__Goal of the exercise__:
What you return must match the listing below exactly, minus any pictures.

>>>>

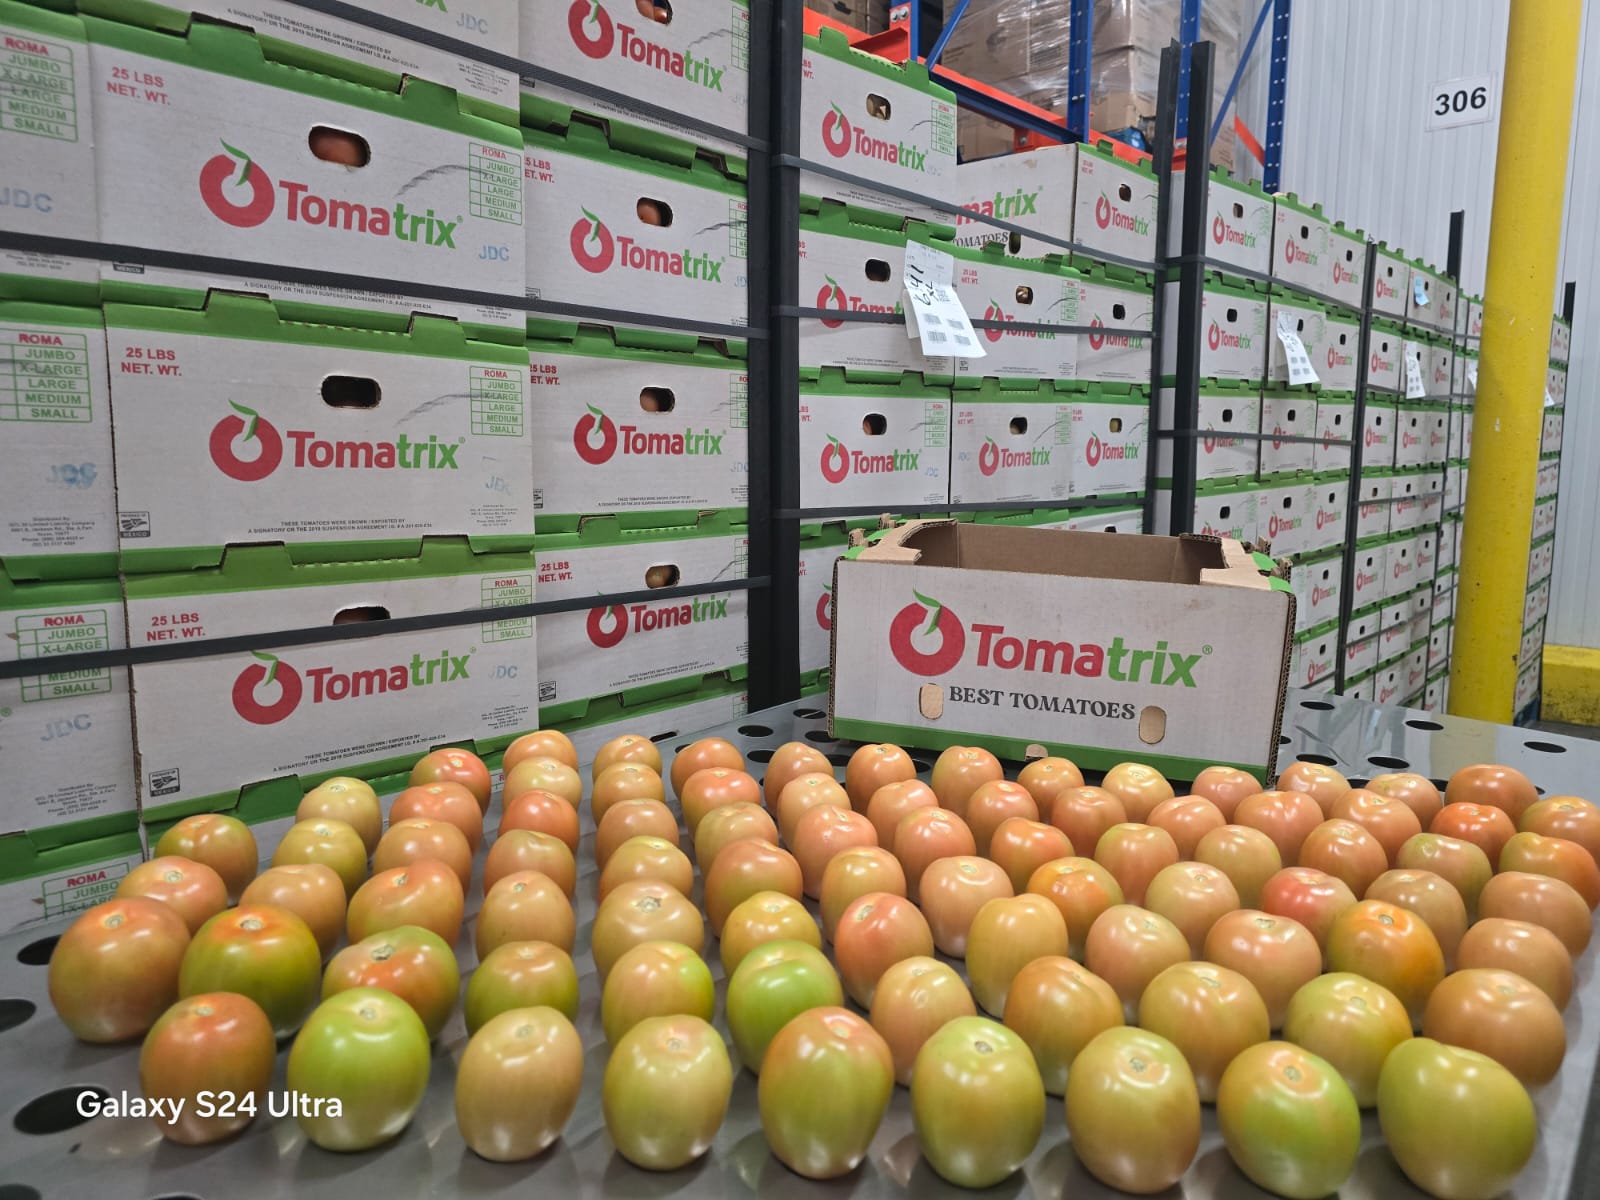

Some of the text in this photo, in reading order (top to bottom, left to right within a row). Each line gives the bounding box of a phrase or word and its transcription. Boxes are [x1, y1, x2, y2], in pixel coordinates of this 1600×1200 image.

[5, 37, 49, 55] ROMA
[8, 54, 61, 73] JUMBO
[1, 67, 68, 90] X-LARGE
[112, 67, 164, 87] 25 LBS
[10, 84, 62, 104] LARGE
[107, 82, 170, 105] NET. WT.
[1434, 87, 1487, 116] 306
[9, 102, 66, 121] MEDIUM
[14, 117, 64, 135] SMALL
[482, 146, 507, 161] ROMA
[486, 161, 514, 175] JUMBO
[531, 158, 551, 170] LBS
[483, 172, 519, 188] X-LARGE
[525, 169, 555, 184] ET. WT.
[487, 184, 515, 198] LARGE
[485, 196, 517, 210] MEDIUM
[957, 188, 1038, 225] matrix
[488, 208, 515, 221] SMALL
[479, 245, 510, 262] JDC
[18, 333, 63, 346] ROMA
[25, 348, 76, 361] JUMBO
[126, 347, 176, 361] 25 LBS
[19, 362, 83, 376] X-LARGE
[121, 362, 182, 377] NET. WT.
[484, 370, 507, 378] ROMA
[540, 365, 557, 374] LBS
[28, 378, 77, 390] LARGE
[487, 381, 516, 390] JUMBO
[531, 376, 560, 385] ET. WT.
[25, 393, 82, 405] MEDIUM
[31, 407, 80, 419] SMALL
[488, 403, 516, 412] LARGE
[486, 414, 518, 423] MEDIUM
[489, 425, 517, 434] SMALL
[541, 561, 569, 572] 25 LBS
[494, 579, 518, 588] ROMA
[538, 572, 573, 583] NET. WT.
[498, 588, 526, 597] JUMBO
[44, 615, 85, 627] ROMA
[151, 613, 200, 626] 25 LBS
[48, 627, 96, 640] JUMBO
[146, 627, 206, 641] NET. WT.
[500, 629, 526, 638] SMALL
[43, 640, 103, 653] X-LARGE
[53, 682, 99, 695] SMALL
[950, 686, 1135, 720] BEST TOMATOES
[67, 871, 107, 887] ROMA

<<<<

__Solution to the exercise__:
Some of the text in this photo, in reading order (top to bottom, left to right within a row). Each line gives the bounding box of a phrase or word and its transcription. Boxes are [x1, y1, x2, y2], in pixel coordinates of this 1600×1200 image.

[5, 37, 49, 55] ROMA
[8, 54, 61, 73] JUMBO
[1, 67, 68, 90] X-LARGE
[112, 67, 164, 87] 25 LBS
[10, 84, 62, 104] LARGE
[107, 82, 170, 105] NET. WT.
[1434, 87, 1487, 116] 306
[9, 102, 66, 121] MEDIUM
[14, 117, 64, 135] SMALL
[482, 146, 507, 161] ROMA
[486, 161, 514, 175] JUMBO
[531, 158, 551, 170] LBS
[483, 172, 519, 188] X-LARGE
[525, 169, 555, 184] ET. WT.
[487, 184, 515, 198] LARGE
[485, 196, 517, 210] MEDIUM
[957, 188, 1038, 225] matrix
[488, 208, 515, 221] SMALL
[479, 245, 510, 262] JDC
[18, 333, 63, 346] ROMA
[25, 348, 76, 361] JUMBO
[126, 347, 176, 361] 25 LBS
[19, 362, 83, 376] X-LARGE
[121, 362, 182, 377] NET. WT.
[484, 370, 507, 378] ROMA
[540, 365, 557, 374] LBS
[28, 378, 77, 390] LARGE
[487, 381, 516, 390] JUMBO
[531, 376, 560, 385] ET. WT.
[25, 393, 82, 405] MEDIUM
[31, 407, 80, 419] SMALL
[488, 403, 516, 412] LARGE
[486, 414, 518, 423] MEDIUM
[489, 425, 517, 434] SMALL
[541, 561, 569, 572] 25 LBS
[494, 579, 518, 588] ROMA
[538, 572, 573, 583] NET. WT.
[498, 588, 526, 597] JUMBO
[44, 615, 85, 627] ROMA
[151, 613, 200, 626] 25 LBS
[48, 627, 96, 640] JUMBO
[146, 627, 206, 641] NET. WT.
[500, 629, 526, 638] SMALL
[43, 640, 103, 653] X-LARGE
[53, 682, 99, 695] SMALL
[950, 686, 1135, 720] BEST TOMATOES
[67, 871, 107, 887] ROMA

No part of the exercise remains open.